What self-respecting SF modeler _wouldn't_ want a decent-sized and well-detailed kit of the _Jupiter 2_?


----------



## Dr. Brad (Oct 5, 1999)

I'm not interested in the J2, but I can certainly understand why so many of the board members here have been excited about it! As for me, I'm excited about finally seeing the Leif Erickson (aka UFO mystery ship). 

And yes, gotta agree that the Enterprise has received plenty of attention.


----------



## Zorro (Jun 22, 1999)

Magesblood said:


> Still is. I just would like to see equal attention paid to the Enterprise or other subjects just as deserving.


You're right. There are currently only 7 different Enterprise threads on the first page of the Science Fiction Modeling Board and the Guy Schlicter thread is about something else entirely!!!!


----------



## machgo (Feb 10, 2010)

Mage, I've wondered the same thing. I hated the show! Made my skin crawl! But I'd love a copy of the Jupiter 2! It's big, detailed, has a lot of possibilities for lights, PE, etc. It's well made too. Looks like it would be an enjoyable build and a nice display item.

That's it, I've finally talked myself into getting one.


----------



## MightyMax (Jan 21, 2000)

Well I think most of us model assemblers were kids when LiS aired. I was 5 years old and I still remember my Mom telling me about it and she let me watch it. To a little kid the show was fantastic even if now I think some of it was not so good. To me it remains a special show from a special time in my life. The action and adventure made me want to be Will Robinson! So the Jupiter 2, Robot, Chariot and Space Pod were must haves to this 48 year old Will Robinson Wannabe!  

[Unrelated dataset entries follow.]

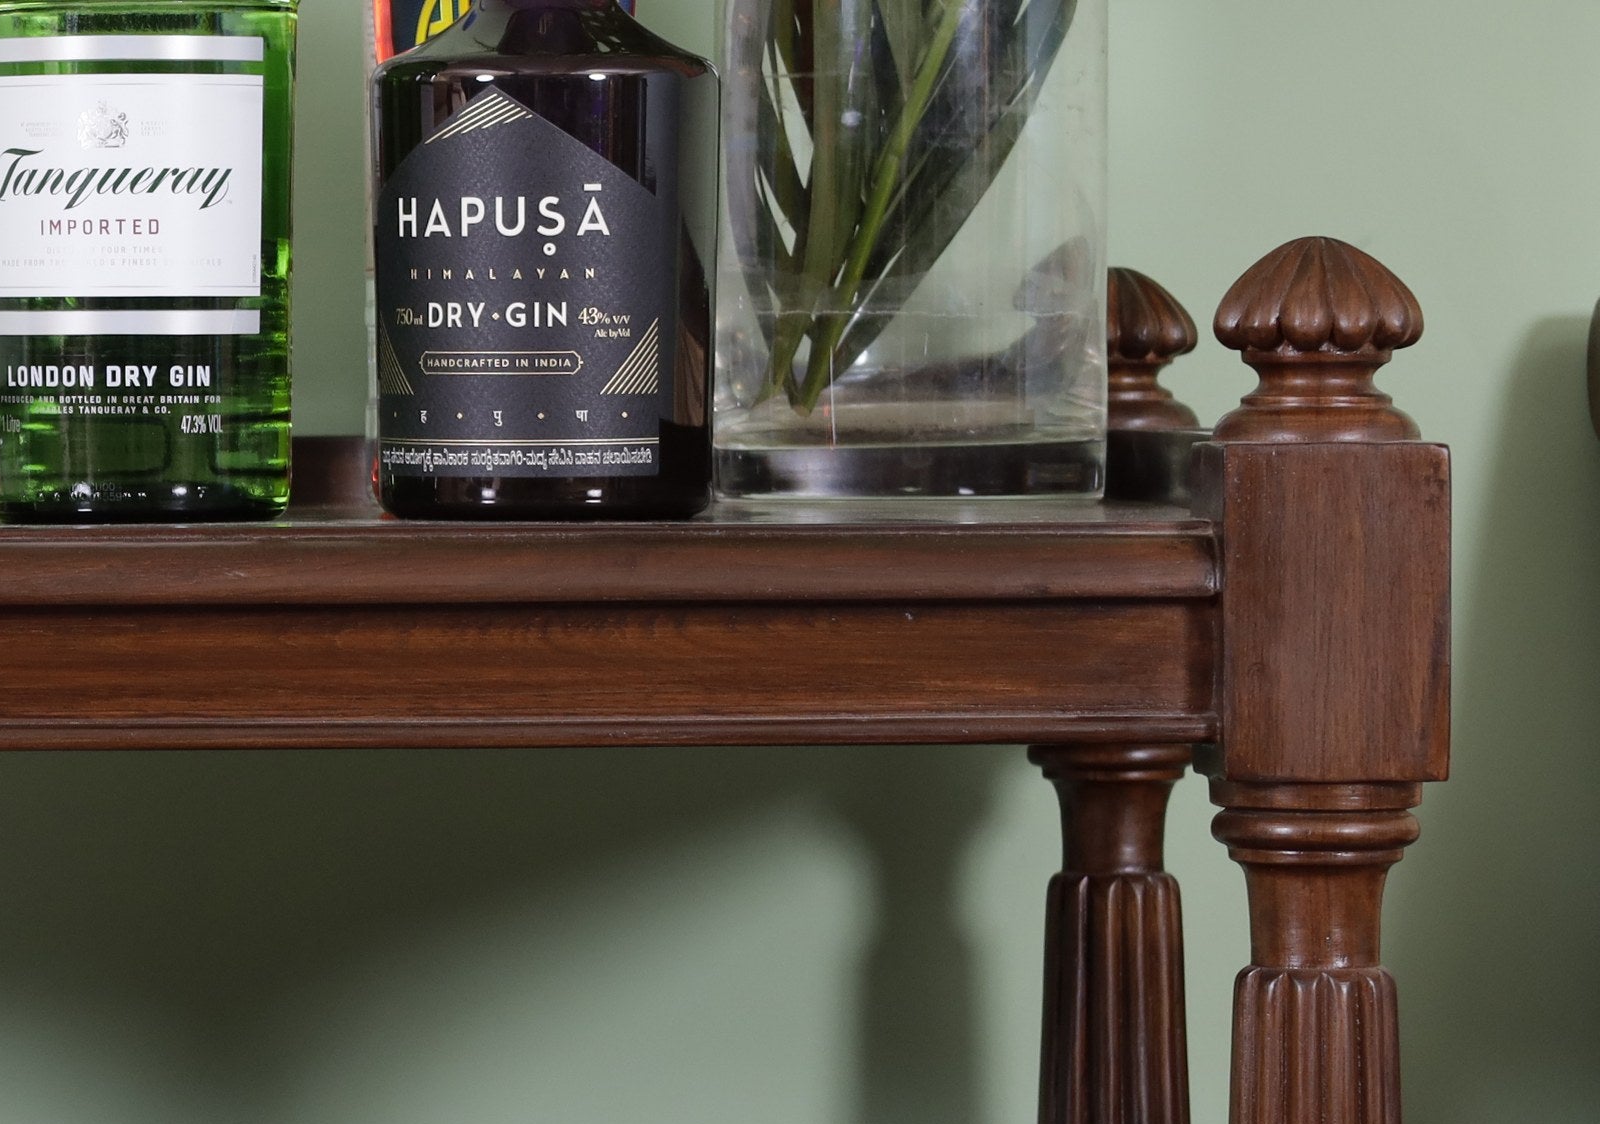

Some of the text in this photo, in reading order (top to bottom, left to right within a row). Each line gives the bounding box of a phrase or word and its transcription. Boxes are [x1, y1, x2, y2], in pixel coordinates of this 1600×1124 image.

[40, 218, 161, 236] IMPORTED
[410, 267, 597, 281] HIMALAYAN
[427, 302, 486, 328] DRY
[505, 301, 568, 328] GIN
[578, 306, 611, 326] 43%
[612, 314, 631, 326] V/V
[426, 358, 572, 369] HANDCRAFTED IN INDIA
[7, 365, 212, 388] LONDON DRY GIN
[38, 395, 56, 404] AND
[59, 395, 103, 404] BOTTLED
[107, 395, 118, 404] IN
[123, 395, 156, 404] GREAT
[160, 395, 200, 404] BRITAIN
[204, 395, 222, 404] FOR
[78, 405, 136, 415] TANQUERAY
[142, 405, 150, 414] &
[154, 405, 172, 414] CO.
[180, 414, 207, 435] 47.3%

Same reason, that no matter what. The 66 Batmobile will always be the BEST!

Cheers,
Max Bryant


----------



## JeffG (May 10, 2004)

The ship was ultimately cool. An earth-made flying saucer. Aside from the hardware and the first 10 episodes or so, I wonder what the show would have become in the hands of someone who actually cared about it.

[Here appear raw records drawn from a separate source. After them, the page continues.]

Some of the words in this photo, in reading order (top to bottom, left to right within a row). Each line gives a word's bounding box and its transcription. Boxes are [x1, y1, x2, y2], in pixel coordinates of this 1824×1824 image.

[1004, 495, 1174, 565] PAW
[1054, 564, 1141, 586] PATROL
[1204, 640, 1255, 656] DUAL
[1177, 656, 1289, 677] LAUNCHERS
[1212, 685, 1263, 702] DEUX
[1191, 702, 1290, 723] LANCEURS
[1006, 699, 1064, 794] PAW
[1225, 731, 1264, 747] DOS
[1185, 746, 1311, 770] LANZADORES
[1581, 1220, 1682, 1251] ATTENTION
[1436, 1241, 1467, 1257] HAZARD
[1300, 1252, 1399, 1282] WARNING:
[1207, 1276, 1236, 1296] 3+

As a modeler, I've ALWAYS wanted a top notch kit of this ship and I don't think I'm alone in saying that. Between this and a 1/350th TOS Enterprise, I'll be pretty doggone happy!


----------



## Magesblood (May 12, 2008)

okay. cool. that's all I was wondering. I'm glad you guys have your aftermarket parts for it. I look forward to doing one someday with all the bells and whistles.


----------



## jbond (Aug 29, 2002)

I think the point about people being exposed to the show as kids is THE point. Lost in Space and Voyage to the Bottom of the Sea (and Batman) were THE shows to watch when I was a kid, and all three could be watched and rewatched by a child of six or seven with great entertainment value, likely before they could appreciate something like Star Trek. I didn't get into Star Trek until I was 11 or 12. The lure of your oldest childhood memories is a powerful lure indeed...


----------



## robiwon (Oct 20, 2006)

I think the reason that it seems the J2 is getting all the attention is that this is the first truly awesome kit of the J2. The PL J2 also got that reception when it was new. There has not been a really hot Enterprise since the 1/350 Refit came out. Right now the M J2 is the hottest thing on the market.


----------



## John P (Sep 1, 1999)

I've always loved Irwin Allen vehicles, even if I didn't like the show they're from.

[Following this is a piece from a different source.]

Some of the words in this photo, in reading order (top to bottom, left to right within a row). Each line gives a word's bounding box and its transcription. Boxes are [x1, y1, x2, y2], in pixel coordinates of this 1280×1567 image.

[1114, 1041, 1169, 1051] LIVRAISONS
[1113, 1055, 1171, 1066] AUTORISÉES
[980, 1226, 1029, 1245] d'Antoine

I'd wanted a J2 model since the show was on the air! It wasn't until PL put their 12" that we finally had one, but of course, it had those silly seats and closed LG wells. I was just a little dosappointed, but at least we had one - though I still haven't gotten around to building it.

Moebius' release is the ultimate, finally!

So, in 40 years - LOTS of Enterprise models and hundreds of accessories for the whole duration, both styrene and resin. Jupiter II (not counting Lunar Models) - after 30 years, one kit, after 40 years, another kit.

What's the confusion?


----------



## Magesblood (May 12, 2008)

I should know better than to ask a question.


----------



## Magesblood (May 12, 2008)

AuroraFan1 said:


> Totally confused!
> 
> What is it that you are needing?????????????


two sets of photoetch, vinyl cutouts for the shuttlebay, three sheets of decals with metallic ink and plug n' play LEDs for the running lights, nacelles, deflector, interior and windows. Oh and some clear film to diffuse or color the light of the LEDs.

jump down my throat for asking a friggin' question.

a thousand bucks says the 350th TOS Enterprise when it's released won't get *half* as much attention the Jupiter 2 is getting.


----------



## WarpCore Breach (Apr 27, 2005)

Peace, Mage, Peace! No one here is jumping down your throat for asking a question. I've been a life-long Trekker myself. The _Enterprise_ indeed has gotten the lion's share of attention over the years - and I better add the _Millennium Falcon_ as well - simply because there HAS been models of both ships over the years. In the _Enterprise's_ case, we've had the 18" ship (as inaccurate as it is) for just about as long as the show has aired (excepting of course the Dark Days of RC); the _Millennium Falcon_ had up to the release of the Fine Molds model just the single AMT kit (I'm not including the small _Falcon_ in the Hoth hangar model kit because of it's small size and very limited detailing that it had!) that while both kits had their own problems, they could be fixed or at least minimized with improved detailing and just as importantly, it was AVAILABLE. Or at least until AMT was swallowed up by Racing Champions and the SW license was allowed to lapse. These days... licensing is SO important that it ofttimes seems that the lisencor (Lucasfilms, Paramount, name your own Evil Empire) is just in it to grab as much of your $$$ as possible (a whole other can of worms)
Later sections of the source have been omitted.